## To do
Could you copy every record exactly, leaving the pictures behind?

## Records for the task
══════
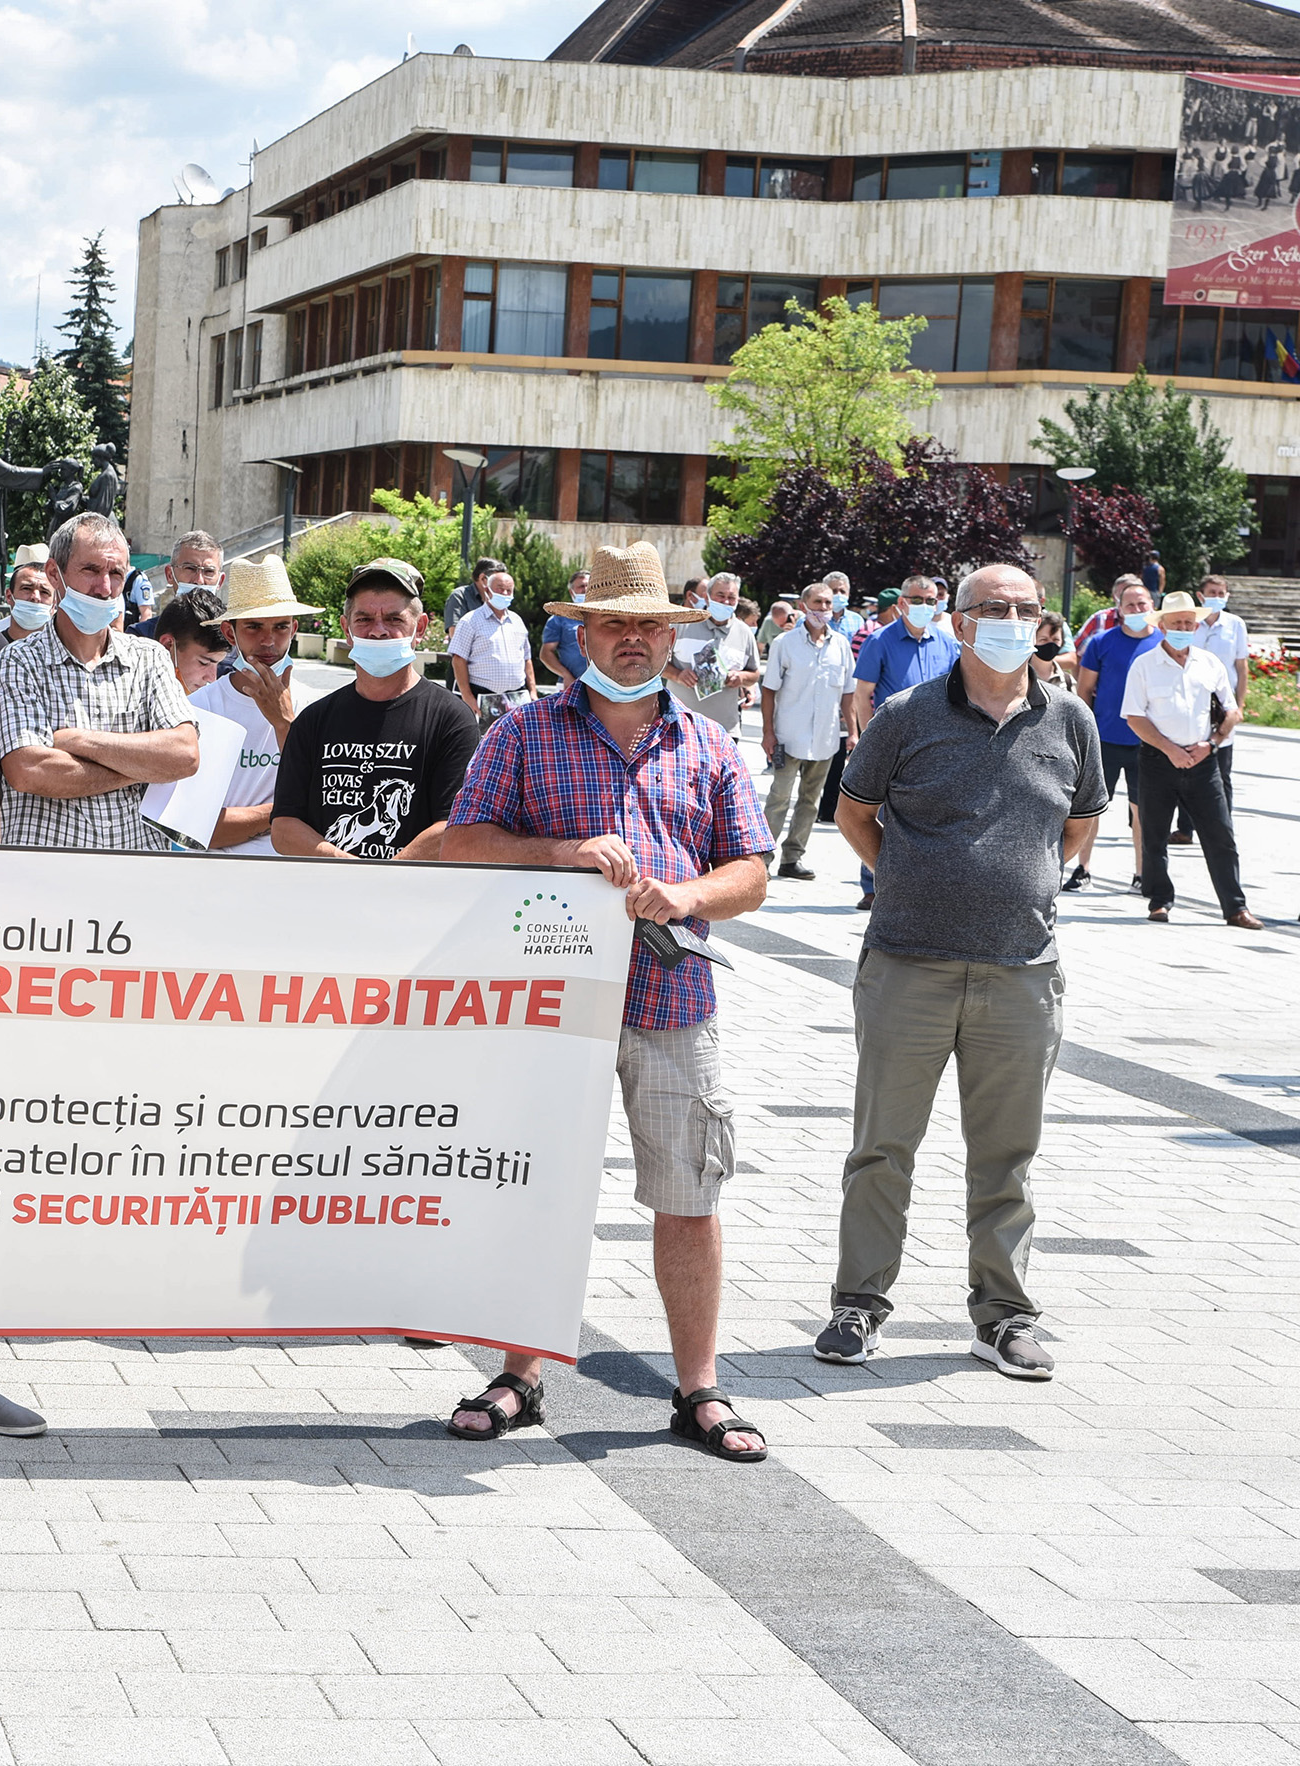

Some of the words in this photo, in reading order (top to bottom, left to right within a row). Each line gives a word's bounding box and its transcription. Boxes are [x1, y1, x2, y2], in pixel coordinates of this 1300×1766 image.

[1185, 224, 1227, 248] 1931
[321, 743, 375, 759] LOVAS
[375, 740, 417, 760] SZÍV
[360, 760, 375, 773] ÉS
[86, 919, 132, 955] 16
[525, 934, 589, 944] JUDEȚEAN
[526, 923, 589, 933] CONSILIUL
[523, 944, 593, 955] HARGHITA
[258, 975, 566, 1028] HABITATE
[174, 1094, 206, 1135] și
[217, 1103, 459, 1129] conservarea
[130, 1143, 165, 1177] în
[179, 1144, 352, 1177] interesul
[361, 1144, 532, 1190] sănătății
[12, 1186, 262, 1235] SECURITĂȚII
[271, 1195, 451, 1227] PUBLICE.
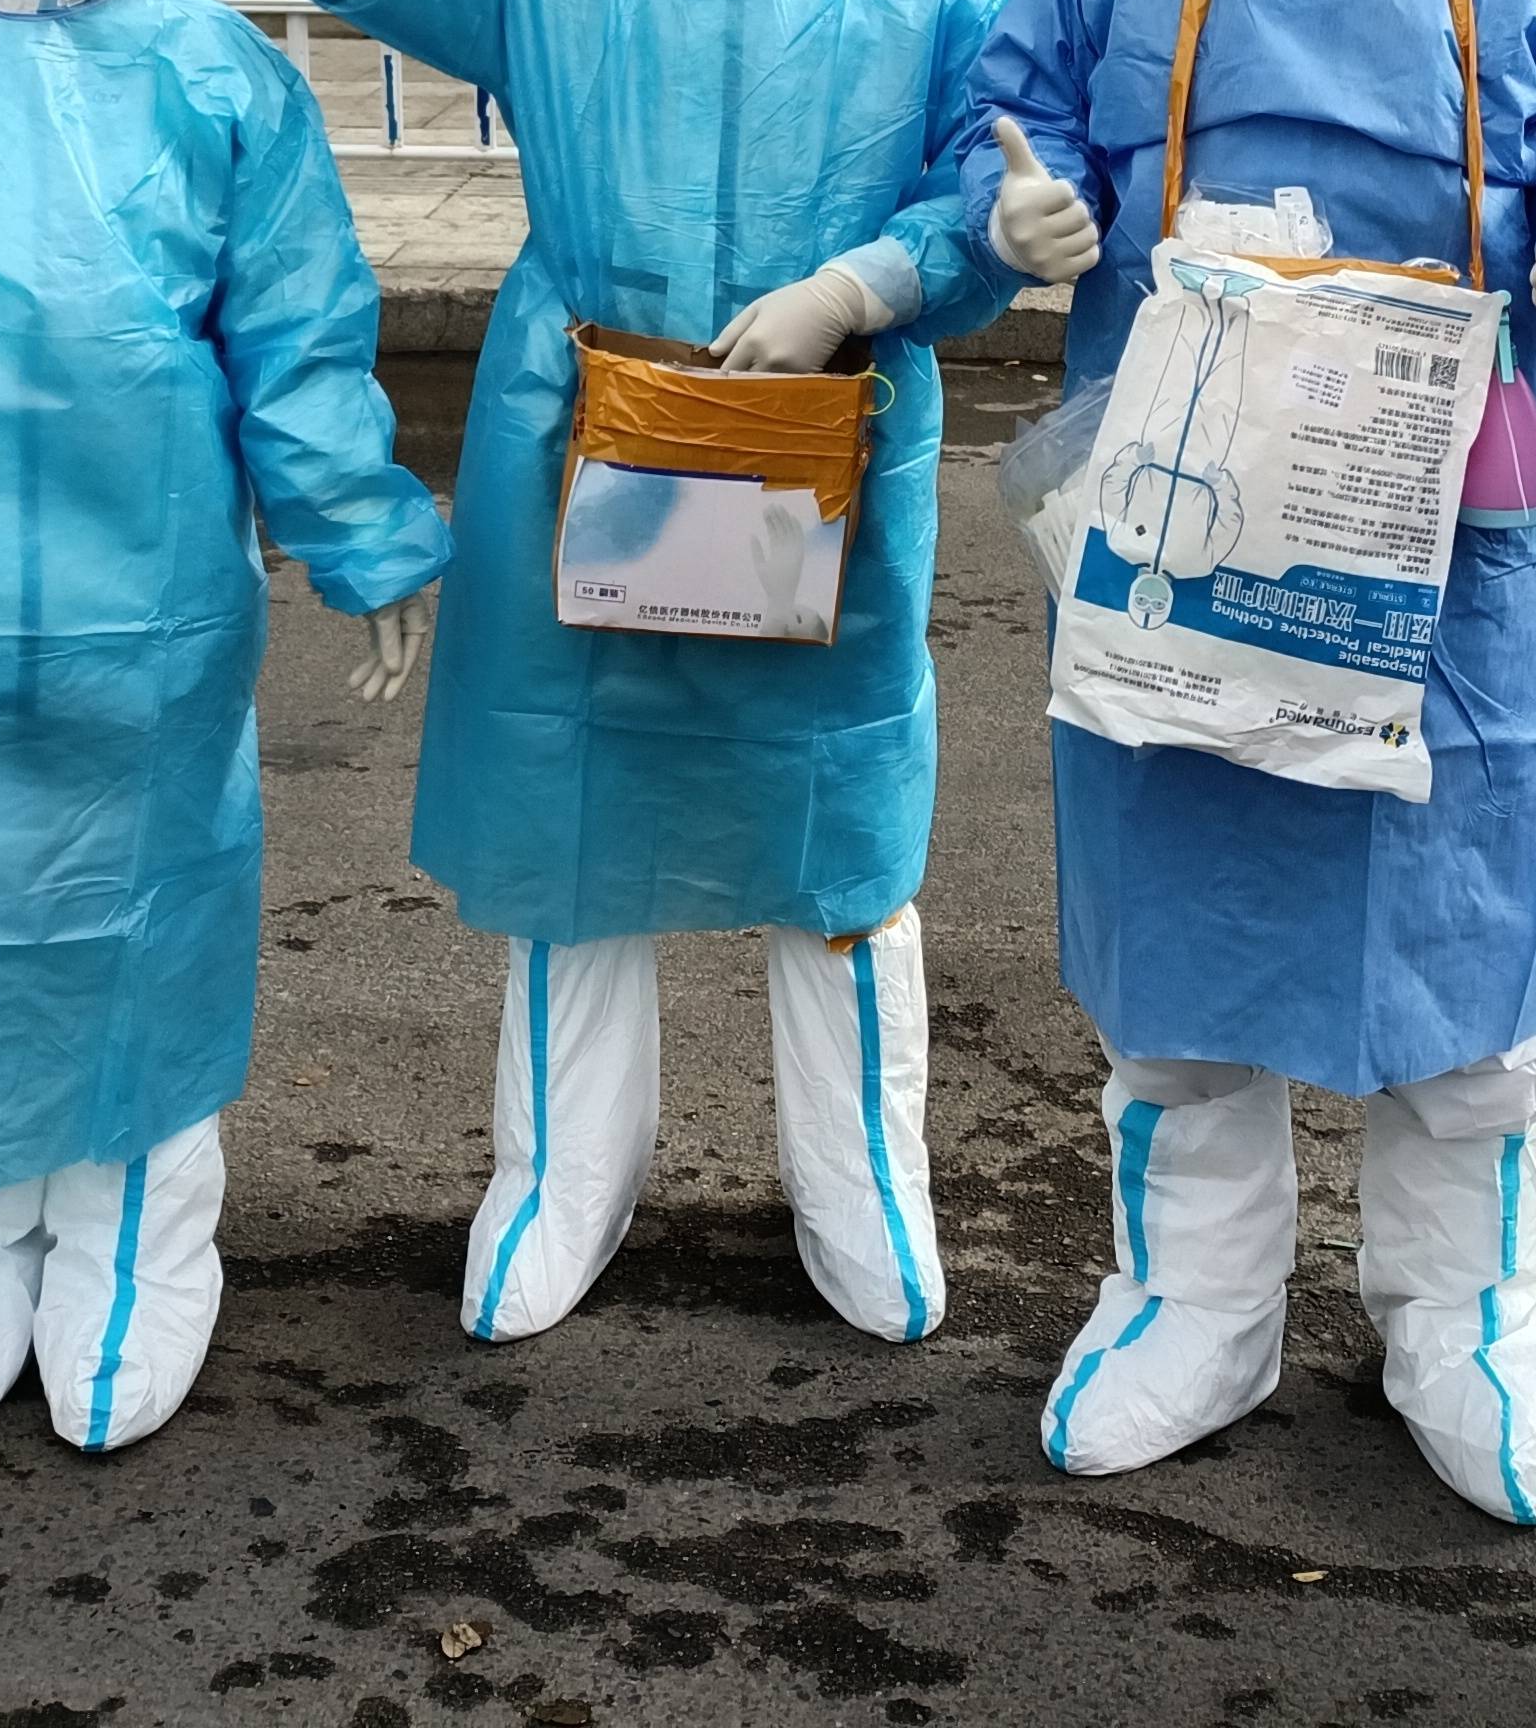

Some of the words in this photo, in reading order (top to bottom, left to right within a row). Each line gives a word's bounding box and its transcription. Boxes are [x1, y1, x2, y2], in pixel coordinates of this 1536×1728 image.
══════
## Completed task
Some of the words in this photo, in reading order (top to bottom, left to right within a row). Each line gives a word's bounding box and its transcription. Boxes are [x1, y1, x2, y2], in pixel coordinates of this 1300×1766 image.

[1185, 224, 1227, 248] 1931
[321, 743, 375, 759] LOVAS
[375, 740, 417, 760] SZÍV
[360, 760, 375, 773] ÉS
[86, 919, 132, 955] 16
[525, 934, 589, 944] JUDEȚEAN
[526, 923, 589, 933] CONSILIUL
[523, 944, 593, 955] HARGHITA
[258, 975, 566, 1028] HABITATE
[174, 1094, 206, 1135] și
[217, 1103, 459, 1129] conservarea
[130, 1143, 165, 1177] în
[179, 1144, 352, 1177] interesul
[361, 1144, 532, 1190] sănătății
[12, 1186, 262, 1235] SECURITĂȚII
[271, 1195, 451, 1227] PUBLICE.

Some of the words in this photo, in reading order (top to bottom, left to right within a row). Each line gives a word's bounding box and its transcription. Boxes are [x1, y1, x2, y2], in pixel coordinates of this 1536×1728 image.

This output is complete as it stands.